* Task to complete
Identify the line in which "this 2353×1568 image." appears, then reproduce that line and all remaining lines of the records word for word.

[The records — start]

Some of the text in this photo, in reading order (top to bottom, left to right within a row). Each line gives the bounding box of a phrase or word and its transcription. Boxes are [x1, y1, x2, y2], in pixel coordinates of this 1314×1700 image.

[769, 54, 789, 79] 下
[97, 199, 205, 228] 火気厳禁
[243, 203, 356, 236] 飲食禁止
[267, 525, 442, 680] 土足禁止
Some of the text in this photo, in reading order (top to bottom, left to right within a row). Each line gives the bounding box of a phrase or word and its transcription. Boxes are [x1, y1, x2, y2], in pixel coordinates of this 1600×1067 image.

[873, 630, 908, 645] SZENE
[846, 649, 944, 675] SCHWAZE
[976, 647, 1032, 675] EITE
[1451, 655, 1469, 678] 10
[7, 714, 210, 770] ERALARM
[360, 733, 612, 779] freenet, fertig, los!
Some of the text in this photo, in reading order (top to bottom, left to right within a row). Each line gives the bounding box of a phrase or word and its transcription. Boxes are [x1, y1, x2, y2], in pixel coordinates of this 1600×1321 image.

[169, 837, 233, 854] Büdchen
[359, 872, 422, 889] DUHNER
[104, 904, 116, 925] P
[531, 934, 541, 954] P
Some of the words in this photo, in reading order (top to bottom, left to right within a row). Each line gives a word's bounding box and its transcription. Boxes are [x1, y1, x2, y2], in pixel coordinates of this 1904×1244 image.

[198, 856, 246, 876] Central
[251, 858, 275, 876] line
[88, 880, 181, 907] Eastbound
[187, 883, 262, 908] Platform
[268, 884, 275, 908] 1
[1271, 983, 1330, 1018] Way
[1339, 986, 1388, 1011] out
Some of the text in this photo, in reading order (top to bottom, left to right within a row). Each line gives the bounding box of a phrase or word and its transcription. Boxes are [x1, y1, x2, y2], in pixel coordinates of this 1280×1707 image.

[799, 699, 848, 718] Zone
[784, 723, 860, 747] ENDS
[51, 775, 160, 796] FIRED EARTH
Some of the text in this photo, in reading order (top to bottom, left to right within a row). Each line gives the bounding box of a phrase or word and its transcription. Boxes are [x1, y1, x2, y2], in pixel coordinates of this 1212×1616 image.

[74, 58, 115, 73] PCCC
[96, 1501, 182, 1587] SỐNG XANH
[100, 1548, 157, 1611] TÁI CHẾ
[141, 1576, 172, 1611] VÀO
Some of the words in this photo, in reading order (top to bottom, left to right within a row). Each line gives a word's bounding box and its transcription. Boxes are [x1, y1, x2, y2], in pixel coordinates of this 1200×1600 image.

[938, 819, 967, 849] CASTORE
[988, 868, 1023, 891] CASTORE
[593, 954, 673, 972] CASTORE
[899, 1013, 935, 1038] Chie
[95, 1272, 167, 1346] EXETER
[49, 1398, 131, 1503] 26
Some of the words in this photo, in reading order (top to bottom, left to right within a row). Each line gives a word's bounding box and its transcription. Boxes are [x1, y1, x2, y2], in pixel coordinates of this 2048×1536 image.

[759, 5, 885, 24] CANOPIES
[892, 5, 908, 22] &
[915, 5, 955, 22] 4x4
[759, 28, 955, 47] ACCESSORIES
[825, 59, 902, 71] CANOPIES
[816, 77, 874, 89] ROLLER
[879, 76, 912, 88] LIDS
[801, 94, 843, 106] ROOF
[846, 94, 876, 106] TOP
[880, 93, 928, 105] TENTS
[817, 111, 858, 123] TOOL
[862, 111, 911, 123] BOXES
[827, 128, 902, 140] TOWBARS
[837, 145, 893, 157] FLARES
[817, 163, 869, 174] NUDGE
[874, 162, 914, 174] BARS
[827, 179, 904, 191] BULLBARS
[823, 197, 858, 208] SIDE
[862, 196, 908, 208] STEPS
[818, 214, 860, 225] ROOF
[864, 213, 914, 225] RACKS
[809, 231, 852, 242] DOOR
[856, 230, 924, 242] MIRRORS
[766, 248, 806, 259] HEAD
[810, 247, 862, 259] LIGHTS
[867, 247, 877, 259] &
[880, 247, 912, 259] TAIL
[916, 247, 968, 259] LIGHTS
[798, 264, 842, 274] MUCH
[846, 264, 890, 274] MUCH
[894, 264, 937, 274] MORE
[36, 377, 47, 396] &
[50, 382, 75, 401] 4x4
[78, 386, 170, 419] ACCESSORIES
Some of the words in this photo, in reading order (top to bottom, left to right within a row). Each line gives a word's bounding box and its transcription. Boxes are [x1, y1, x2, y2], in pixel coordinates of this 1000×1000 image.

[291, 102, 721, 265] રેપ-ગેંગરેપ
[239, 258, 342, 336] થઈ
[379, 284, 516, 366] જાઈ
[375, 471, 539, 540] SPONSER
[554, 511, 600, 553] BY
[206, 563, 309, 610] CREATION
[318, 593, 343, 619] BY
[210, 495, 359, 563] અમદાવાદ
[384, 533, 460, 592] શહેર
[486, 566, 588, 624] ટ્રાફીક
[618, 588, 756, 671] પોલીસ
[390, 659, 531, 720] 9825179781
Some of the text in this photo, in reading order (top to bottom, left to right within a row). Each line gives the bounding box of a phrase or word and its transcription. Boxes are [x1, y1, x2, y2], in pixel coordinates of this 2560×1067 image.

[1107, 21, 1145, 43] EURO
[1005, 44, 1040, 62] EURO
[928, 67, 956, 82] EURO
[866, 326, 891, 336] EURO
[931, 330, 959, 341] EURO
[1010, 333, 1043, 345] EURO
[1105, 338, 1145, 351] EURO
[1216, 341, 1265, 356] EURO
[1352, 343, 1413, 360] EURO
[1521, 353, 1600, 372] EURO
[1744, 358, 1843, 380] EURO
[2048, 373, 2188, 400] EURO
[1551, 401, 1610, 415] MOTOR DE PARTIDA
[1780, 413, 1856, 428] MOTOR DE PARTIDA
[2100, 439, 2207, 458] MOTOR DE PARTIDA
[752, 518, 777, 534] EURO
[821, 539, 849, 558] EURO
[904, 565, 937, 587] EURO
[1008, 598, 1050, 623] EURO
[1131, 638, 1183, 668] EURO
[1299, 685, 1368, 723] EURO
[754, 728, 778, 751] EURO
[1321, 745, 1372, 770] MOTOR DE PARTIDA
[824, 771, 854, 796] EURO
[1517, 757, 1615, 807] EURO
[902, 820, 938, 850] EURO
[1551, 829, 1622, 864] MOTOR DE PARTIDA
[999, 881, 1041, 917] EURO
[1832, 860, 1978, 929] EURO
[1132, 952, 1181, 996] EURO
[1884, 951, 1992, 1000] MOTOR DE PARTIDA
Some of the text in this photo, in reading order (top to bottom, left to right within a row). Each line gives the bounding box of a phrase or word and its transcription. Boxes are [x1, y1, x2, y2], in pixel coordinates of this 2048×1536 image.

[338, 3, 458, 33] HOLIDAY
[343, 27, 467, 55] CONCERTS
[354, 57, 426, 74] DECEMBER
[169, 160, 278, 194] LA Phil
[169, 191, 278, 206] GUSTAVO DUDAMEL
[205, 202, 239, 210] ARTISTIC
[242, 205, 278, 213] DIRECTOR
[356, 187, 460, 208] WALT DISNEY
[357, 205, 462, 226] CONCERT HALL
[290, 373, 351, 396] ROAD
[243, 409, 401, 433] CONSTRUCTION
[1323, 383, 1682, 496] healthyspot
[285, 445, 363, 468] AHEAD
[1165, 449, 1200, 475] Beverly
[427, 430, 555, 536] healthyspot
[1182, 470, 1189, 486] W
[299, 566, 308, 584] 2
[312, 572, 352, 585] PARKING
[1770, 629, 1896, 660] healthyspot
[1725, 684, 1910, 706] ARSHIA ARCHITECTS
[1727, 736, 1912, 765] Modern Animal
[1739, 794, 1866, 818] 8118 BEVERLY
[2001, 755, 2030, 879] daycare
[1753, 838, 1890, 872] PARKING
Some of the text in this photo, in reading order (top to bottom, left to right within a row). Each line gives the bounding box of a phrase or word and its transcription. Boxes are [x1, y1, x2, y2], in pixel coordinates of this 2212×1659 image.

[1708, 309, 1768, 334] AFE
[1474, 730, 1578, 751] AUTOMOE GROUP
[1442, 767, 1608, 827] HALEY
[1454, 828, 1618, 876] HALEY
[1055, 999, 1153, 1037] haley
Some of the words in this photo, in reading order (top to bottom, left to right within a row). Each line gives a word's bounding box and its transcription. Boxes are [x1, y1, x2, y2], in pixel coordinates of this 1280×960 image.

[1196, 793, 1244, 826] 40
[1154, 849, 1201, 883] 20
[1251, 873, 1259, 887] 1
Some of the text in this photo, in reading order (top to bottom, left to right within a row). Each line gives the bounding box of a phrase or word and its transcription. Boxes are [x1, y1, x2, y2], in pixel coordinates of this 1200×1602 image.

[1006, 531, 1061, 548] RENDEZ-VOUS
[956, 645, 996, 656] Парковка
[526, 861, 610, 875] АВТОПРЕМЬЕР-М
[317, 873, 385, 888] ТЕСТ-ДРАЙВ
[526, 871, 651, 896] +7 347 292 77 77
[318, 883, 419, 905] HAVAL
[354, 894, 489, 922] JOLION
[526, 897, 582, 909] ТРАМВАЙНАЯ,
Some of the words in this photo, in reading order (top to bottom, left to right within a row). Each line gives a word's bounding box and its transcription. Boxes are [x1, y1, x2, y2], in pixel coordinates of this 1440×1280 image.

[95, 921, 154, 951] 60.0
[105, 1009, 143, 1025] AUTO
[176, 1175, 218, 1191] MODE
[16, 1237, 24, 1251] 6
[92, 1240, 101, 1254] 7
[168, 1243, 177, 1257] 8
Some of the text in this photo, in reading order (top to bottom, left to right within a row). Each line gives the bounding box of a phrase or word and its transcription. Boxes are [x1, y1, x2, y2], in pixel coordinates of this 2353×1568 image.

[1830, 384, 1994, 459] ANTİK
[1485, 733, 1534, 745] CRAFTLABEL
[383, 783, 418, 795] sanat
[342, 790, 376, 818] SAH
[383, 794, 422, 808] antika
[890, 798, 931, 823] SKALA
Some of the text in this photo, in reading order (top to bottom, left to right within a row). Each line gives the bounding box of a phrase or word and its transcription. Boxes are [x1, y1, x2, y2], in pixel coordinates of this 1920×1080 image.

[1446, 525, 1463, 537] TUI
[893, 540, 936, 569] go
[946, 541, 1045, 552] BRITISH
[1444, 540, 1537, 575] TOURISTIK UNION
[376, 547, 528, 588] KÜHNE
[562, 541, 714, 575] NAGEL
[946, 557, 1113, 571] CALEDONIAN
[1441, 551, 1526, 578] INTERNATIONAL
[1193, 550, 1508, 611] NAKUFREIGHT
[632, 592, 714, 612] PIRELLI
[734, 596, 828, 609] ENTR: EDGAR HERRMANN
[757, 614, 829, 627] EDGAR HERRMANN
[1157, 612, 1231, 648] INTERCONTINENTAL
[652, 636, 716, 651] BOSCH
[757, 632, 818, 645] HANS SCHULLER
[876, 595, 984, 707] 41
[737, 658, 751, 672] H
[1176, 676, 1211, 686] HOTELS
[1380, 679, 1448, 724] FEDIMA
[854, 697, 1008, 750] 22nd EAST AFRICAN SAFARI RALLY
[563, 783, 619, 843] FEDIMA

[The records — finish]

* Written answer
Some of the text in this photo, in reading order (top to bottom, left to right within a row). Each line gives the bounding box of a phrase or word and its transcription. Boxes are [x1, y1, x2, y2], in pixel coordinates of this 2353×1568 image.

[1830, 384, 1994, 459] ANTİK
[1485, 733, 1534, 745] CRAFTLABEL
[383, 783, 418, 795] sanat
[342, 790, 376, 818] SAH
[383, 794, 422, 808] antika
[890, 798, 931, 823] SKALA
Some of the text in this photo, in reading order (top to bottom, left to right within a row). Each line gives the bounding box of a phrase or word and its transcription. Boxes are [x1, y1, x2, y2], in pixel coordinates of this 1920×1080 image.

[1446, 525, 1463, 537] TUI
[893, 540, 936, 569] go
[946, 541, 1045, 552] BRITISH
[1444, 540, 1537, 575] TOURISTIK UNION
[376, 547, 528, 588] KÜHNE
[562, 541, 714, 575] NAGEL
[946, 557, 1113, 571] CALEDONIAN
[1441, 551, 1526, 578] INTERNATIONAL
[1193, 550, 1508, 611] NAKUFREIGHT
[632, 592, 714, 612] PIRELLI
[734, 596, 828, 609] ENTR: EDGAR HERRMANN
[757, 614, 829, 627] EDGAR HERRMANN
[1157, 612, 1231, 648] INTERCONTINENTAL
[652, 636, 716, 651] BOSCH
[757, 632, 818, 645] HANS SCHULLER
[876, 595, 984, 707] 41
[737, 658, 751, 672] H
[1176, 676, 1211, 686] HOTELS
[1380, 679, 1448, 724] FEDIMA
[854, 697, 1008, 750] 22nd EAST AFRICAN SAFARI RALLY
[563, 783, 619, 843] FEDIMA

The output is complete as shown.